The ordinance is as follows:

“Section 30. All vehicles going in the same direction with street cars, within the corporation limits of the city, shall not [34]*34pass between the street car and curb while passengers are getting off or on said street cars, until the vehicle has first come to a full stop.”

This was intended as a police regulation for the convenience and safety of persons who are in fact pedestrians who have either just been passengers on a street car, or who are intending to become such and designed to protect them from injury from reckless or careless drivers.

The action of council was within express power conferred by Section 3632 of the General Code. This provision gives general power not only to regulate the use of vehicles, but the use of the streets as well.

Some courts urge with considerable force that whether a particular regulation falls within the scope of police power is a judicial question; but if if is, whether it is reasonable or not is not a judicial question. It is insisted and held by such courts that where the power is specifically conferred on a municipality, the question whether a regulation is reasonable can no more be raised as to effect its validity than it could be contended that the statute .conferring the power could be questioned. The claim is that the right asserted to declare a municipal ordinance invalid is limited to ordinances passed under the implied or incidental powers of the municipality, and that the discretion is not subject to judicial control unless the power violates some constitutional provision. 28 Cyc., 704; Darlington v. Ward, 48 S. C., 570 (38 L. R. A., 326); Shea v. City, 148 Ind., 14; Railroad v. Harrington, 131 Ind., 420; State v. Mott, 60 N. J. L., 413; Railway v. Maysville, 69 S. W., 728 (24 Ky. L. Rep., 615); Chimene v. Baker, 32 Tex. Cir. App., 520; Hot Springs v. Curry, 64 Ark., 152; Com. v. Watson, 109 Mass., 355.

A conception of the power as maintained by the Indiana decision cited, that you can no more question the power of the municipal authority when it is express than you can the statute conferring it, is untenable because it ignores the conceded power of the court to uphold constitutional rights.

And the other distinction drawn by some of the authorities cited that the discretion is not -subject to control, unless the [35]*35power violates some constitutional provision, makes- the rule the sajne whether the municipal authority acts under express or incidental power so that it is a distinction without a difference.

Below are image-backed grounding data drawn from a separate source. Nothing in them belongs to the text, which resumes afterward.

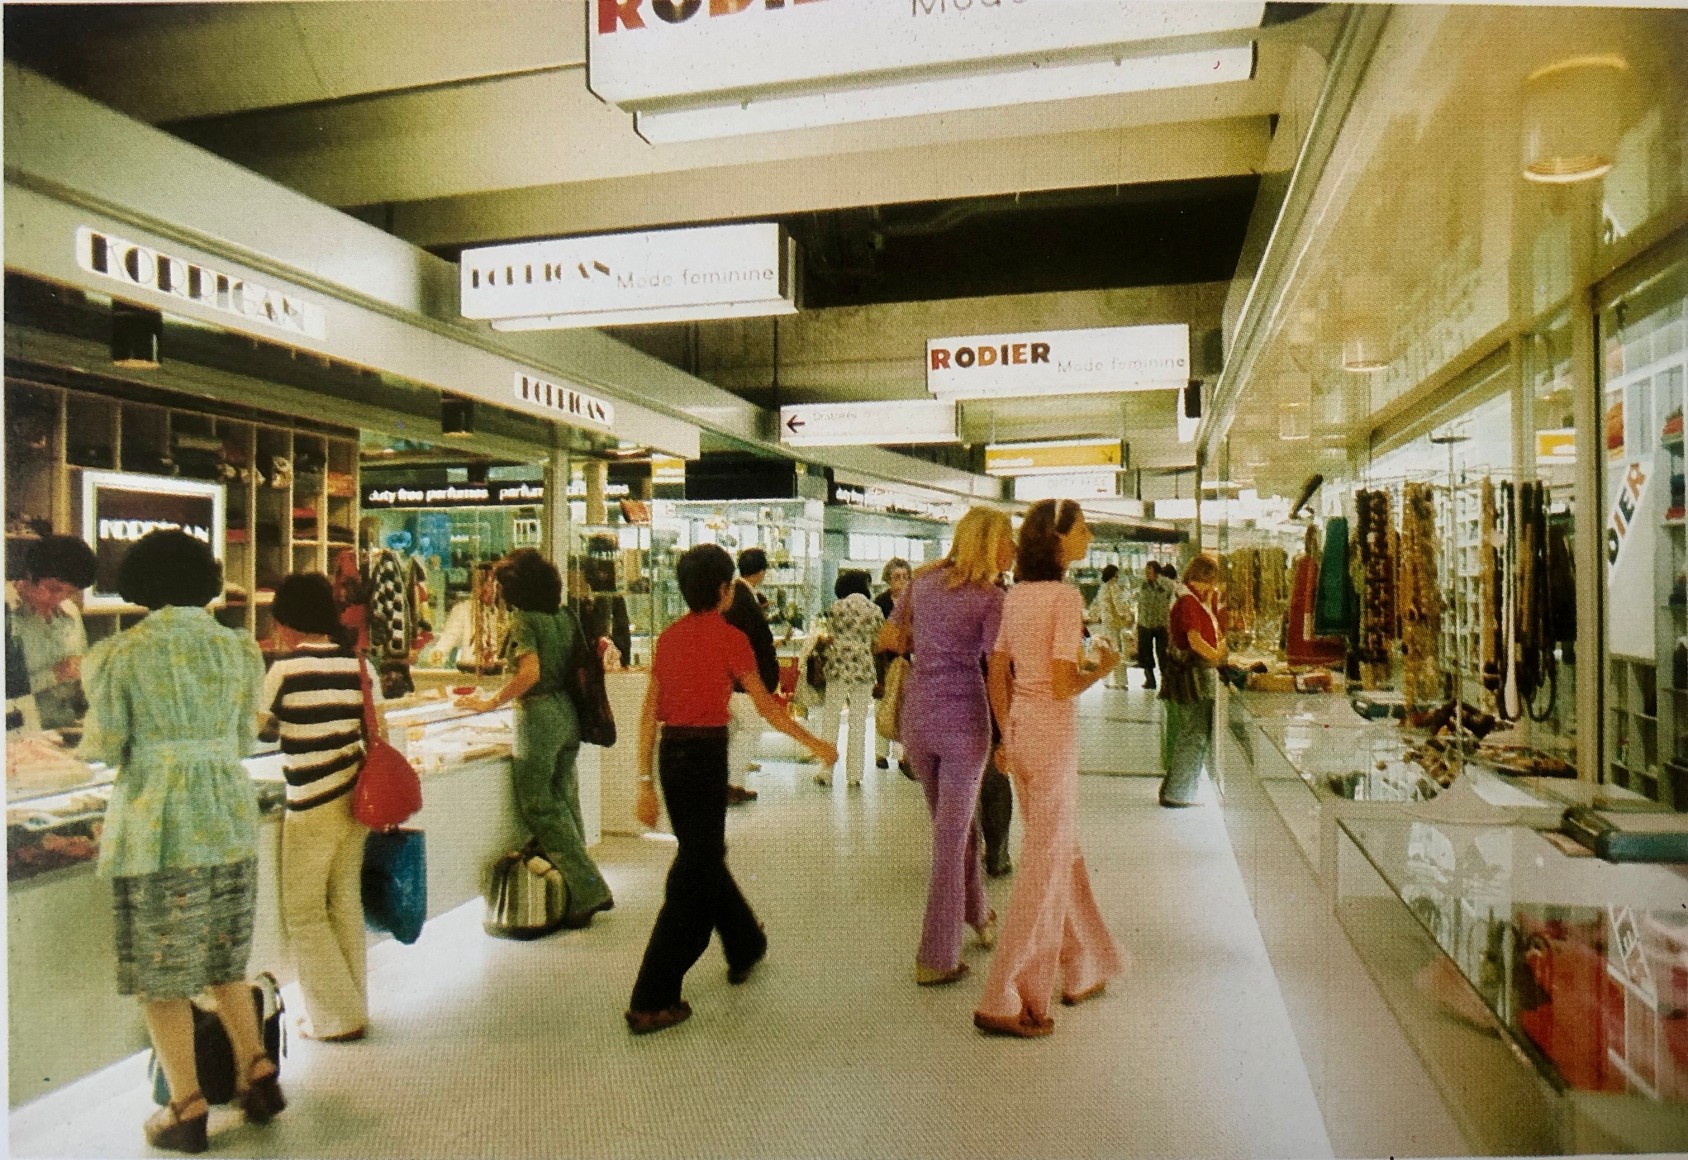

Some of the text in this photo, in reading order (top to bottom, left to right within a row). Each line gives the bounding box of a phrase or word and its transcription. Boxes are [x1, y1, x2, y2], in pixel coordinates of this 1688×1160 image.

[90, 232, 305, 332] KORRIGAN
[617, 272, 674, 289] Mode
[931, 342, 1051, 371] RODIER
[1057, 359, 1104, 373] Mode
[369, 490, 396, 504] duty
[1608, 462, 1646, 566] DIER

The doctrine is tersely stated by Cooley:

“Municipal by-laws also must be reasonable. Whenever they appear not to be so, the court must, as a matter of law, declare them void. * * * So a by-law, to be reasonable, should be in harmony with the general principles of the common law.” Cooley Const. Lim., 245.

Ordinances passed in pursuance of this delegated power, which reasonably regulate the uses of the street and the traffic, are legislative acts and are entirely beyond the control of the judicial power. Dillon Mun. Corp., Section 712-16, 1166; Milhan v. Sharp, 17 Barb., 438; Wood v. Mears, 12 Ind., 515 (74 Am. Dec., 222); Indiana Ry. Co. v. Calvert, 168 Ind., 321, 328; Cooley Const. Lim., p. 252 (5th Ed.); Milhan v. Sharp, 17 Barb., 435; s. c., 28 Barb., 228, and 27 N. Y., 611.

Of course it is recognized that the municipal authorities are considered the best judges of the necessity of the regulation, as well as the extent to which it is advisable to go (Hot Springs v. Curry, 64 Ark., 152). So may it require in some instances special knowledge and experience to determine upon the regulation. What to some might seem unreasonable may in the opinion of others be what best promotes- the interest of the public (Commonwealth v. Watson, 109 Mass., 355). Every presumption is drawn in favor of the reasonableness of the regulation, and that the authority has been actuated by pure motive. Hot Springs v. Curry, 64 Ark., 152; Portland v. Montgomery, 38 Ore., 215; Ivins v. Trenton, 38 Vroom (68 N. J. L.), 501; Railroad v. Trenton, 24 Vroom, 132; Traction Co. v. Elizabeth, 29 Vroom, 619.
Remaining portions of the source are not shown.